The area has the second-highest concentration of wealth in the country. With this wealth, they’ve made real estate prohibitively expensive for all but the hyper-rich, and have shown little regard for the people they’ve displaced. Further, they transformed a bohemian paradise — one that was once rich in art, culture and subversion — into a haven for defiantly lame tech workers. They actively resent the rest of the nation, to the point some want to build a libertarian stronghold in the Pacific Ocean, beyond the reach of government. They deify the arrogant white male bosses who dictate the terms of our technocratic dystopia.
The Warriors organization cops the same smug attitude; the team is owned by a bunch of SV venture capitalists who attribute the Warriors’ success to their superior intellects and managerial style. And now they also stake claim to the greatest collection of basketball talent ever assembled?! Fuck them.
But the bandwagon epithet isn’t just about class resentment — it gets lobbed every time a new champion is crowned in one of the Big Four professional sports. Earlier this season, the Phoenix Suns shamed Cleveland Cavaliers fans in the stands with a “bandwagon cam.” Fans of the NHL champion Pittsburgh Penguins were accused of being bandwagon jumpers when the team rose back to prominence in 2012. So were fans of the Chicago Cubs when the team broke its historic World Series drought this past fall.

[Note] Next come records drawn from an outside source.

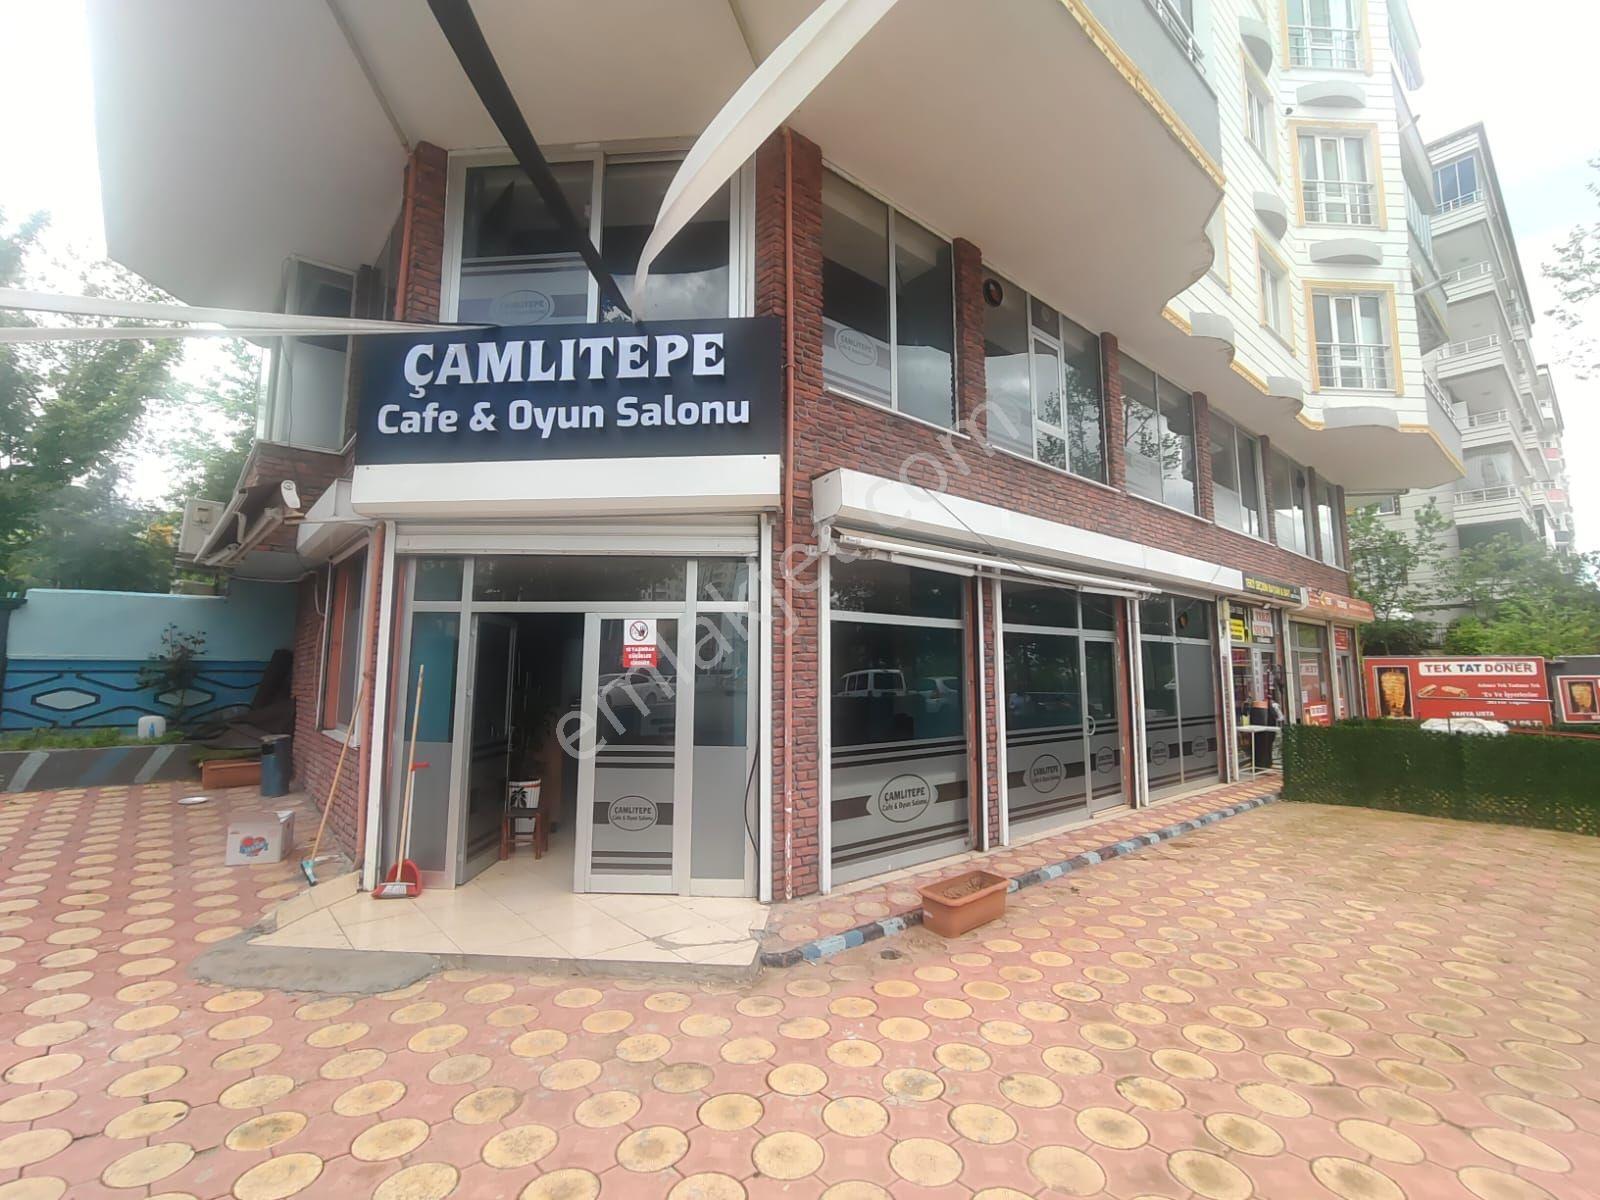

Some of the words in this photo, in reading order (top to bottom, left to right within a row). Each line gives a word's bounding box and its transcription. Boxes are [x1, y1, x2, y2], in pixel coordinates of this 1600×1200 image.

[404, 333, 725, 398] ÇAMLITEPE
[377, 403, 458, 434] Cafe
[469, 401, 498, 432] &
[508, 399, 604, 438] Oyun
[616, 395, 750, 427] Salonu
[1424, 664, 1452, 673] TEK
[1456, 664, 1482, 673] TAT
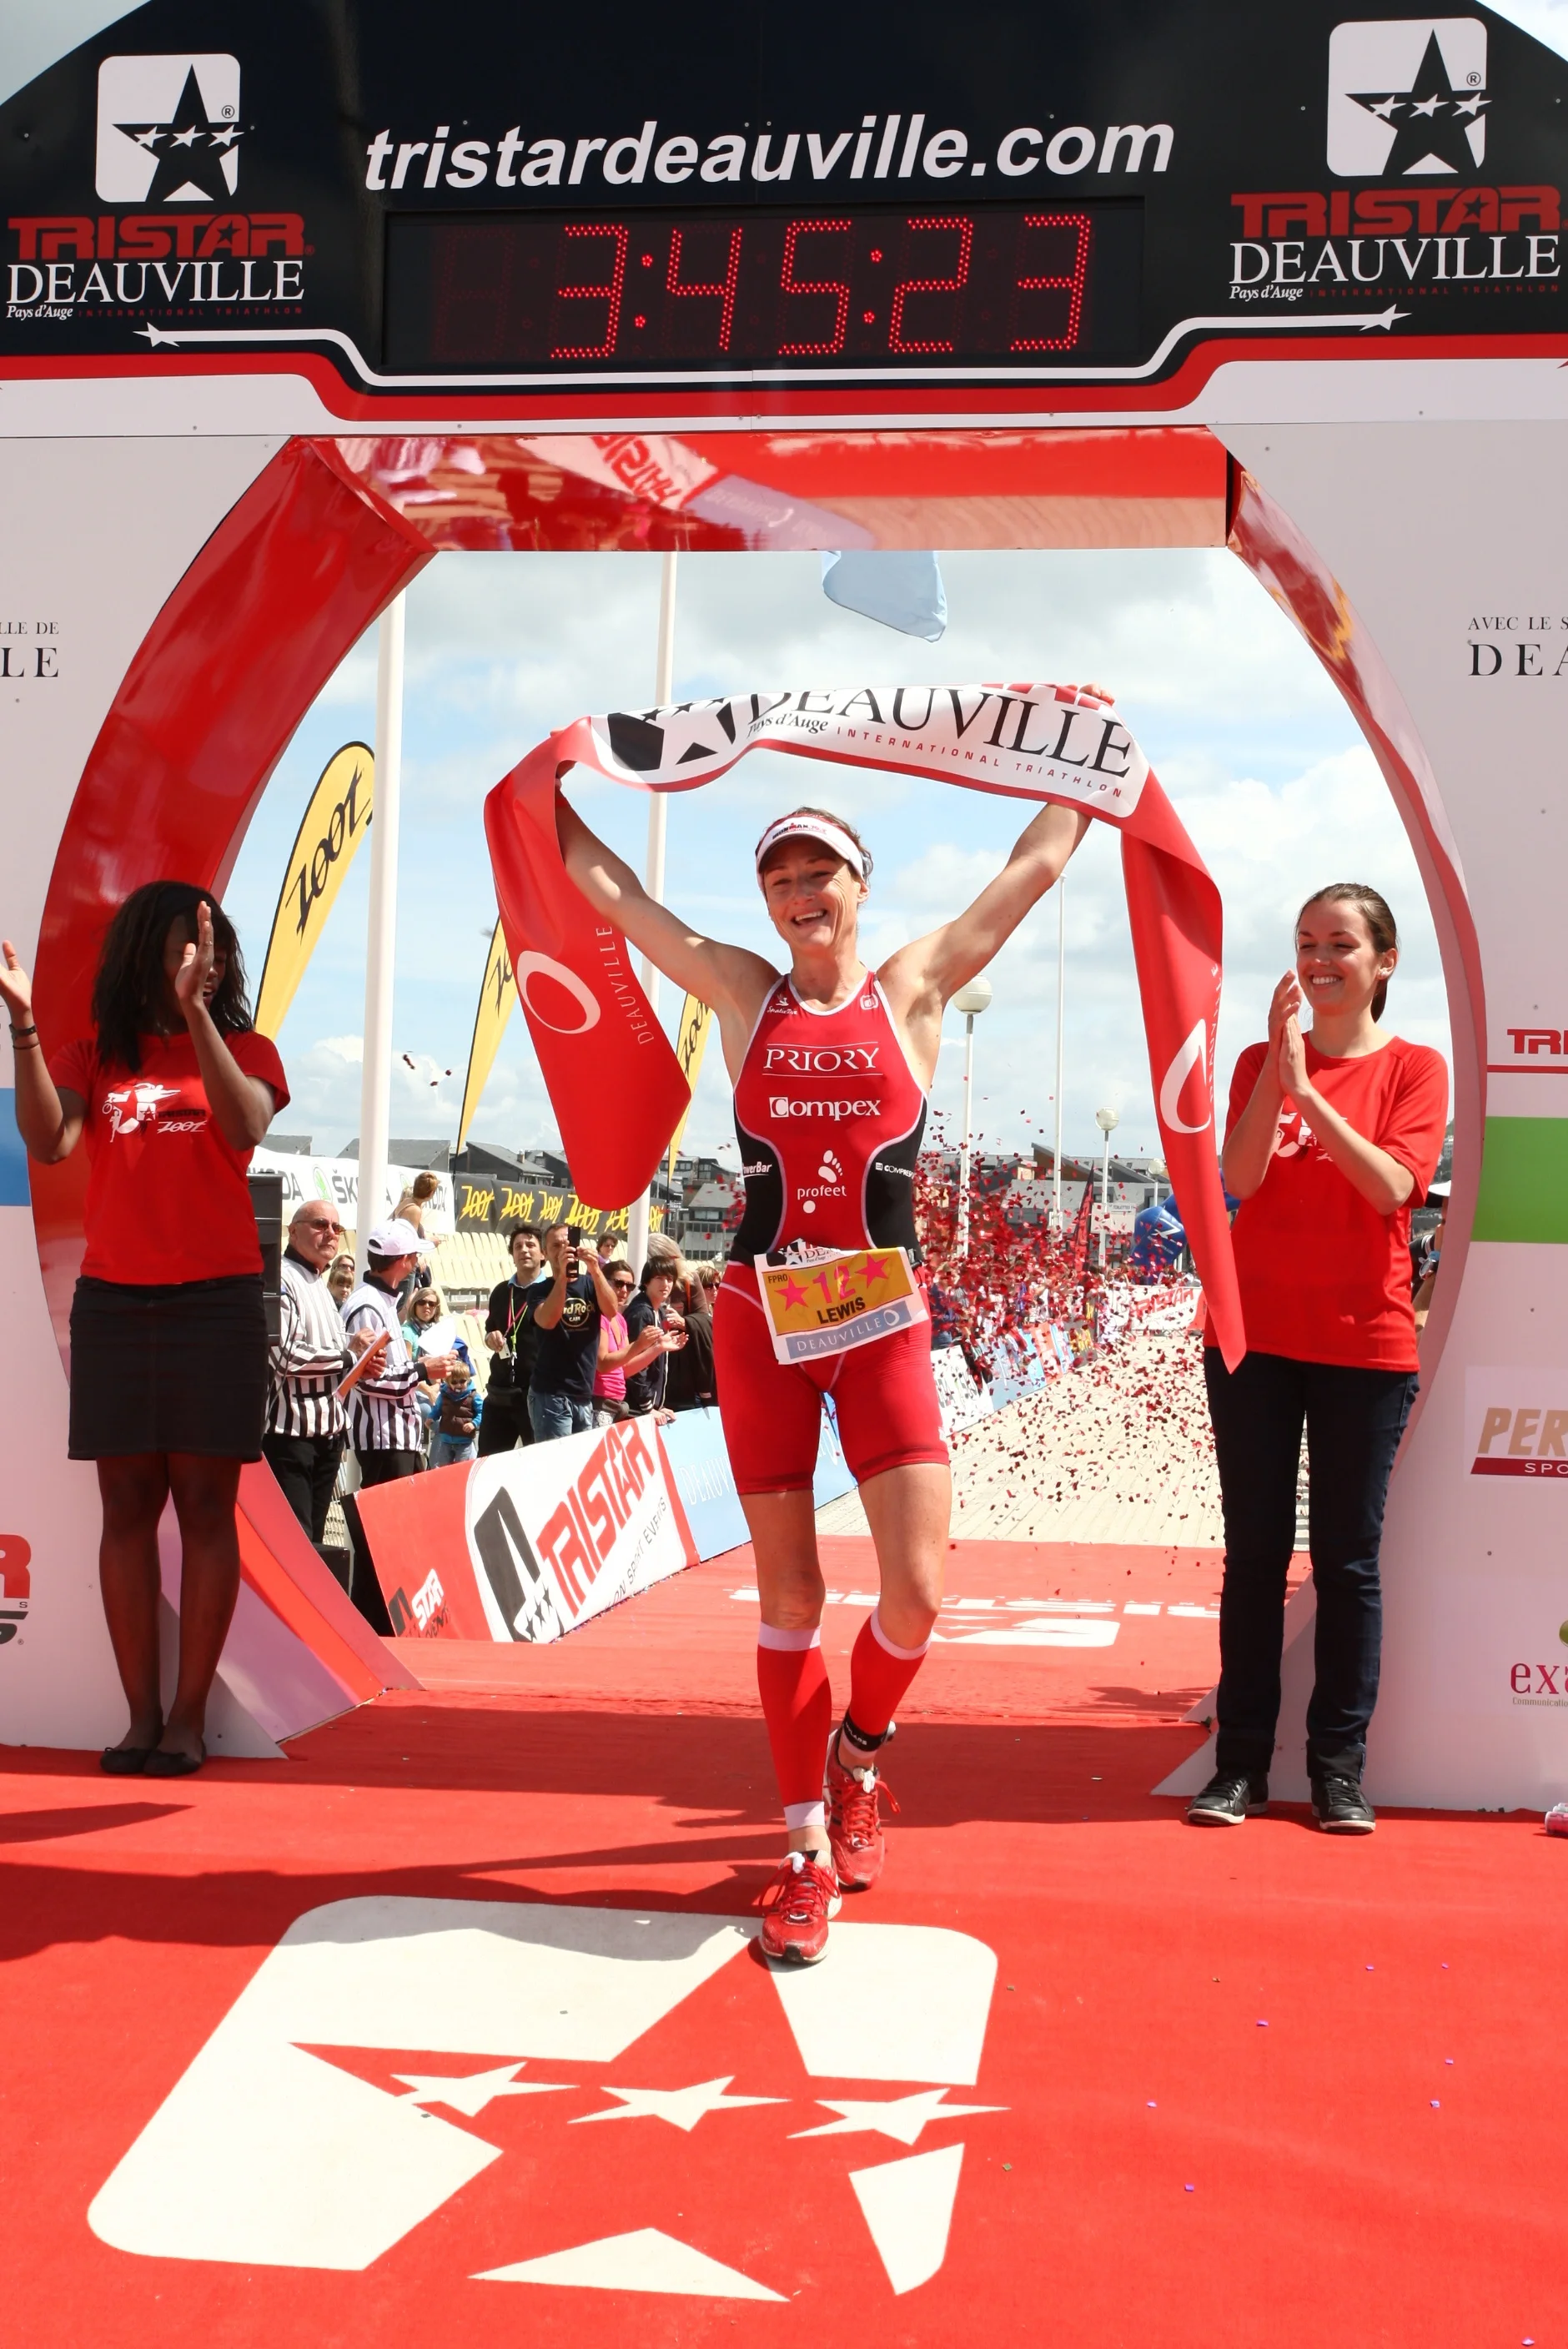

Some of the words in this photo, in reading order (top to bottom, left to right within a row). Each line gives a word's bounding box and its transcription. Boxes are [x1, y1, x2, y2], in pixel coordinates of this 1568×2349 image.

The argument against bandwagon fans is they don’t deserve the joy of watching their team win a championship because they weren’t there suffering when their team took loss after loss. Indeed, the Warriors were largely ignored by NBA fans, even in the Bay Area, until Stephen Curry emerged as a superstar talent five years ago. Now, Chris Rock and Rihanna sit courtside at their games and tickets go for upwards of $1,300.
All of which makes “real” fans pissed. Their anger, however, presumes there’s a right way to enjoy sports, and that way is to pledge blind allegiance to your local team at childhood and maintain that dedication until death, regardless of personnel changes or how the team performs.
These are grown men who think there’s honor in paying good money to see a team play terrible basketball in person, and then get upset that they spent money to see a team they already knew was bad perform to those low expectations. They’re the kind of grown men who shout “We won!” after the game, as if their fandom has any bearing on the outcome. They’re also the kind of grown men who will pick fights with opposing fans, or have their entire day ruined after a tough loss.
Sports is the rare cultural arena where we don’t think of this kind of blind loyalty as strange, or intellectually dangerous. Why that’s the case, I’m not entirely sure. (It might be because men are more comfortable forming emotional connections to things that aren’t human: dogs, sports organizations, wrenches, comic book heroes.) In any event, getting worked up about something as innocuous as sports is demented.
Sports are, at their best, a vehicle for community, which is why there’s nothing wrong with bandwagon fans. They enjoy the thrill and camaraderie of cheering for a winner, but spare themselves the emotional anguish of a painful loss. They enjoy and care about sports, but they don’t care too much. They’ve achieved perfect balance.
This isn’t to say it’s bad to be a diehard fan. Many lifelong Cubs fans openly wept when the team won last year, ending what they presumed would be a lifetime of futility and suffering. And that’s beautiful in its own way. But when your fandom is so extreme that you need to lash out at a casual sports-enjoyer who just wants to revel in a good time, then you’re the one with the problem.